WHAT YOU NEED TO DO
Repeat the whole listing below precisely. Omit all pictures.

(DATA FOR REVIEW Opens)

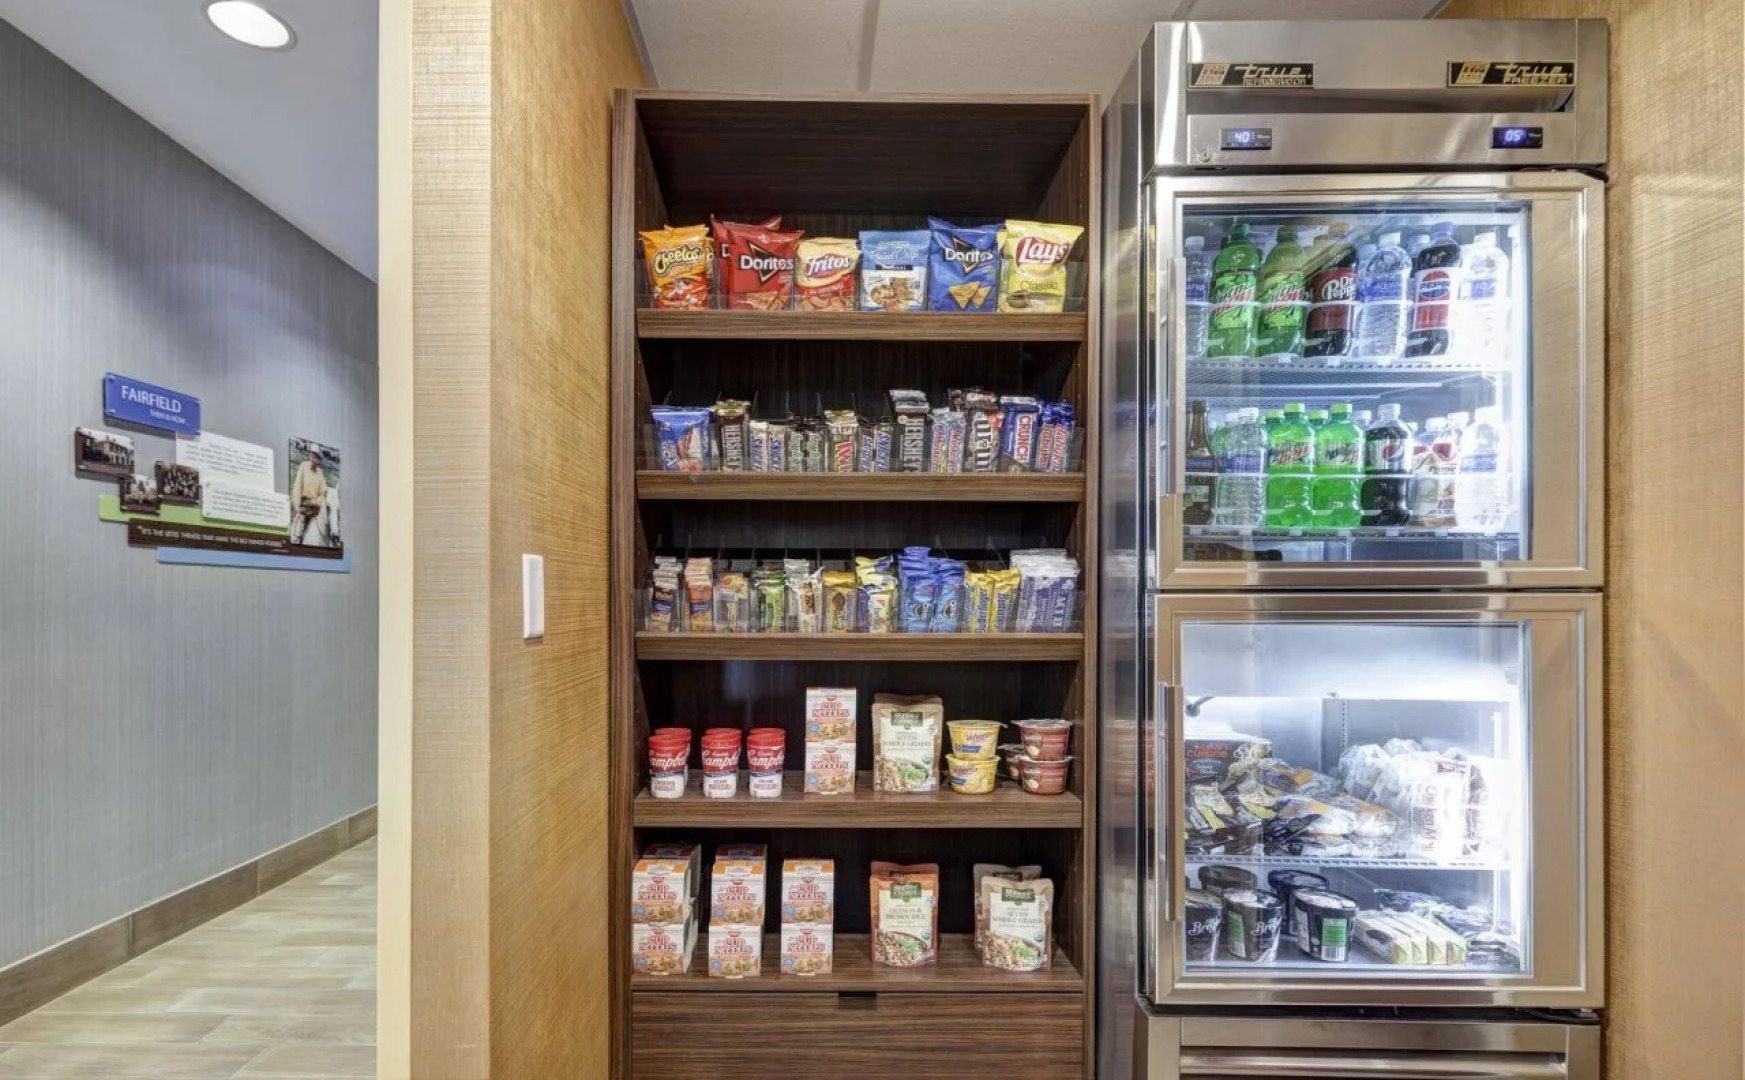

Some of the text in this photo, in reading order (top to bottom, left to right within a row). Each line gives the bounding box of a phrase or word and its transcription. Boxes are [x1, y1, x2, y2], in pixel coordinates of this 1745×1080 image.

[653, 244, 701, 276] Cheetos
[741, 254, 794, 271] Doritos
[805, 254, 850, 276] Fritos
[945, 246, 994, 263] Doritos
[1020, 280, 1058, 291] Classic
[1327, 280, 1354, 300] Pepp
[122, 385, 182, 413] FAIRFIELD
[725, 425, 741, 466] HERSHEY
[1015, 415, 1031, 460] CRUNCH
[770, 437, 781, 472] SNICKE

(DATA FOR REVIEW Closes)

WRITTEN REPLY
Some of the text in this photo, in reading order (top to bottom, left to right within a row). Each line gives the bounding box of a phrase or word and its transcription. Boxes are [x1, y1, x2, y2], in pixel coordinates of this 1745×1080 image.

[653, 244, 701, 276] Cheetos
[741, 254, 794, 271] Doritos
[805, 254, 850, 276] Fritos
[945, 246, 994, 263] Doritos
[1020, 280, 1058, 291] Classic
[1327, 280, 1354, 300] Pepp
[122, 385, 182, 413] FAIRFIELD
[725, 425, 741, 466] HERSHEY
[1015, 415, 1031, 460] CRUNCH
[770, 437, 781, 472] SNICKE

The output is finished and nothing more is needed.